(Records excerpted from a collection)

####################

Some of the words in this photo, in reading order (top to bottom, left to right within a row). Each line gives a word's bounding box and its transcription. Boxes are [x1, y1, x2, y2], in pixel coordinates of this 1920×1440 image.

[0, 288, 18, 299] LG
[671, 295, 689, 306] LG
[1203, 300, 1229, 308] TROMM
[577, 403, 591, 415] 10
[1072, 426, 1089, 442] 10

####################

Exercise details:
Repeat the data in its entirety, character for character.

Written response:
Some of the words in this photo, in reading order (top to bottom, left to right within a row). Each line gives a word's bounding box and its transcription. Boxes are [x1, y1, x2, y2], in pixel coordinates of this 1920×1440 image.

[0, 288, 18, 299] LG
[671, 295, 689, 306] LG
[1203, 300, 1229, 308] TROMM
[577, 403, 591, 415] 10
[1072, 426, 1089, 442] 10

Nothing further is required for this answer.